__Records for this exercise__
● ● ● ● ● ● ●
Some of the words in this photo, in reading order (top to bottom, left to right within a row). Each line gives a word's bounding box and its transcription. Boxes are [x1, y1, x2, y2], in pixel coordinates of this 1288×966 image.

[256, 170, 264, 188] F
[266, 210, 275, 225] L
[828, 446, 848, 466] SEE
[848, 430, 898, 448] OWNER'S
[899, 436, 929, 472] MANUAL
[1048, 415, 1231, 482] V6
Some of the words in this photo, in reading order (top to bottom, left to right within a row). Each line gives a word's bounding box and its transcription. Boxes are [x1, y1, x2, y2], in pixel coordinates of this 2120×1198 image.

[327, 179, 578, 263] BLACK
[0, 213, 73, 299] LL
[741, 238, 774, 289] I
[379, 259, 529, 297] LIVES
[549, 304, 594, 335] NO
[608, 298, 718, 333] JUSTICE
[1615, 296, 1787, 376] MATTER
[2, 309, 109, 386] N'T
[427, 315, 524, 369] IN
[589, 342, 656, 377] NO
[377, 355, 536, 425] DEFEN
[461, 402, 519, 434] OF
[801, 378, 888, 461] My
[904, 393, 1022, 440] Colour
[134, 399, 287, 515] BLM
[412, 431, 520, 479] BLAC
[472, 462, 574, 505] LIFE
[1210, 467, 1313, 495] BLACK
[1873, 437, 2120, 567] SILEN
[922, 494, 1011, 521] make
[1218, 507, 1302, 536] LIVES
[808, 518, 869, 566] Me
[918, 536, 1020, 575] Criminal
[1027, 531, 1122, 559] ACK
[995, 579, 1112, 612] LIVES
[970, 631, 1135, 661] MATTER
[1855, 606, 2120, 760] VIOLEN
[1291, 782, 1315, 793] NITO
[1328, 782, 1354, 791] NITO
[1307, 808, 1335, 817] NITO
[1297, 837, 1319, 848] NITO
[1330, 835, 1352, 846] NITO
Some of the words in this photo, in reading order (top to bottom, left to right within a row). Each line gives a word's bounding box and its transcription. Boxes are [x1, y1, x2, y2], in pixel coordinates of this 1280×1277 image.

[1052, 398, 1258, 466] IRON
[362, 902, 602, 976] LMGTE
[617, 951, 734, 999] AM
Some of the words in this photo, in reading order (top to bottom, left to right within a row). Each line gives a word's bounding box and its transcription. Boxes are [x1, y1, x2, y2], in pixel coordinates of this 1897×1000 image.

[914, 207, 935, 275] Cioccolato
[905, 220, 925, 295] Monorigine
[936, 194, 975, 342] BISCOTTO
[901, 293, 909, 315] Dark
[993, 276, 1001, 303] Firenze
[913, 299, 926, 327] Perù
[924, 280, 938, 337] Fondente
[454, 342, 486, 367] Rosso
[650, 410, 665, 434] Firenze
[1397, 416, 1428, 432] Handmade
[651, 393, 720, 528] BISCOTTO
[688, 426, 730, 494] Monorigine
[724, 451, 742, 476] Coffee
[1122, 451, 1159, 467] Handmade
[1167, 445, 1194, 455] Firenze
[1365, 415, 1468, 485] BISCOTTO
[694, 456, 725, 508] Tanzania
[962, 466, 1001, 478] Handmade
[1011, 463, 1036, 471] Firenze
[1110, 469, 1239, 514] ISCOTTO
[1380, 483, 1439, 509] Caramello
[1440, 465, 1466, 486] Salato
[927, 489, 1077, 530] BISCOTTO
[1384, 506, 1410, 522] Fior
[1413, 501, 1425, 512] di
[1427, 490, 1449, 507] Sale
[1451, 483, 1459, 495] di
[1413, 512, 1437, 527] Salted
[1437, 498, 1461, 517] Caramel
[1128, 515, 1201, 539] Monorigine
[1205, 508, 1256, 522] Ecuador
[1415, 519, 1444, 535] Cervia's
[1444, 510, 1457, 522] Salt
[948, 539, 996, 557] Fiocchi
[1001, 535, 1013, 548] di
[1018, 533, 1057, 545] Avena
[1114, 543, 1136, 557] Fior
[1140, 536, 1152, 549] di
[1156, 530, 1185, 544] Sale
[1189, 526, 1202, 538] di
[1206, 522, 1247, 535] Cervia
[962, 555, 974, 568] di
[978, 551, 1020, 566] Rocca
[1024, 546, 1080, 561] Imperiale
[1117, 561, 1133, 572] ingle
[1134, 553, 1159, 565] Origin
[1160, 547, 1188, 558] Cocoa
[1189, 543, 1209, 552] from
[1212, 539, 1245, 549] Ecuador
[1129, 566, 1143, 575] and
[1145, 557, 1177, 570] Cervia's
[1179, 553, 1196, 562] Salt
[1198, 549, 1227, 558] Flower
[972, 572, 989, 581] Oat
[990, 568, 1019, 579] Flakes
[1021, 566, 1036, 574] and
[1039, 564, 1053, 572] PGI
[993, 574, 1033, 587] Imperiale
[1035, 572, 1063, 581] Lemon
● ● ● ● ● ● ●
__What to produce__
Repeat all of the data shown above, exactly as it appears.

__Written response__
Some of the words in this photo, in reading order (top to bottom, left to right within a row). Each line gives a word's bounding box and its transcription. Boxes are [x1, y1, x2, y2], in pixel coordinates of this 1288×966 image.

[256, 170, 264, 188] F
[266, 210, 275, 225] L
[828, 446, 848, 466] SEE
[848, 430, 898, 448] OWNER'S
[899, 436, 929, 472] MANUAL
[1048, 415, 1231, 482] V6
Some of the words in this photo, in reading order (top to bottom, left to right within a row). Each line gives a word's bounding box and its transcription. Boxes are [x1, y1, x2, y2], in pixel coordinates of this 2120×1198 image.

[327, 179, 578, 263] BLACK
[0, 213, 73, 299] LL
[741, 238, 774, 289] I
[379, 259, 529, 297] LIVES
[549, 304, 594, 335] NO
[608, 298, 718, 333] JUSTICE
[1615, 296, 1787, 376] MATTER
[2, 309, 109, 386] N'T
[427, 315, 524, 369] IN
[589, 342, 656, 377] NO
[377, 355, 536, 425] DEFEN
[461, 402, 519, 434] OF
[801, 378, 888, 461] My
[904, 393, 1022, 440] Colour
[134, 399, 287, 515] BLM
[412, 431, 520, 479] BLAC
[472, 462, 574, 505] LIFE
[1210, 467, 1313, 495] BLACK
[1873, 437, 2120, 567] SILEN
[922, 494, 1011, 521] make
[1218, 507, 1302, 536] LIVES
[808, 518, 869, 566] Me
[918, 536, 1020, 575] Criminal
[1027, 531, 1122, 559] ACK
[995, 579, 1112, 612] LIVES
[970, 631, 1135, 661] MATTER
[1855, 606, 2120, 760] VIOLEN
[1291, 782, 1315, 793] NITO
[1328, 782, 1354, 791] NITO
[1307, 808, 1335, 817] NITO
[1297, 837, 1319, 848] NITO
[1330, 835, 1352, 846] NITO
Some of the words in this photo, in reading order (top to bottom, left to right within a row). Each line gives a word's bounding box and its transcription. Boxes are [x1, y1, x2, y2], in pixel coordinates of this 1280×1277 image.

[1052, 398, 1258, 466] IRON
[362, 902, 602, 976] LMGTE
[617, 951, 734, 999] AM
Some of the words in this photo, in reading order (top to bottom, left to right within a row). Each line gives a word's bounding box and its transcription. Boxes are [x1, y1, x2, y2], in pixel coordinates of this 1897×1000 image.

[914, 207, 935, 275] Cioccolato
[905, 220, 925, 295] Monorigine
[936, 194, 975, 342] BISCOTTO
[901, 293, 909, 315] Dark
[993, 276, 1001, 303] Firenze
[913, 299, 926, 327] Perù
[924, 280, 938, 337] Fondente
[454, 342, 486, 367] Rosso
[650, 410, 665, 434] Firenze
[1397, 416, 1428, 432] Handmade
[651, 393, 720, 528] BISCOTTO
[688, 426, 730, 494] Monorigine
[724, 451, 742, 476] Coffee
[1122, 451, 1159, 467] Handmade
[1167, 445, 1194, 455] Firenze
[1365, 415, 1468, 485] BISCOTTO
[694, 456, 725, 508] Tanzania
[962, 466, 1001, 478] Handmade
[1011, 463, 1036, 471] Firenze
[1110, 469, 1239, 514] ISCOTTO
[1380, 483, 1439, 509] Caramello
[1440, 465, 1466, 486] Salato
[927, 489, 1077, 530] BISCOTTO
[1384, 506, 1410, 522] Fior
[1413, 501, 1425, 512] di
[1427, 490, 1449, 507] Sale
[1451, 483, 1459, 495] di
[1413, 512, 1437, 527] Salted
[1437, 498, 1461, 517] Caramel
[1128, 515, 1201, 539] Monorigine
[1205, 508, 1256, 522] Ecuador
[1415, 519, 1444, 535] Cervia's
[1444, 510, 1457, 522] Salt
[948, 539, 996, 557] Fiocchi
[1001, 535, 1013, 548] di
[1018, 533, 1057, 545] Avena
[1114, 543, 1136, 557] Fior
[1140, 536, 1152, 549] di
[1156, 530, 1185, 544] Sale
[1189, 526, 1202, 538] di
[1206, 522, 1247, 535] Cervia
[962, 555, 974, 568] di
[978, 551, 1020, 566] Rocca
[1024, 546, 1080, 561] Imperiale
[1117, 561, 1133, 572] ingle
[1134, 553, 1159, 565] Origin
[1160, 547, 1188, 558] Cocoa
[1189, 543, 1209, 552] from
[1212, 539, 1245, 549] Ecuador
[1129, 566, 1143, 575] and
[1145, 557, 1177, 570] Cervia's
[1179, 553, 1196, 562] Salt
[1198, 549, 1227, 558] Flower
[972, 572, 989, 581] Oat
[990, 568, 1019, 579] Flakes
[1021, 566, 1036, 574] and
[1039, 564, 1053, 572] PGI
[993, 574, 1033, 587] Imperiale
[1035, 572, 1063, 581] Lemon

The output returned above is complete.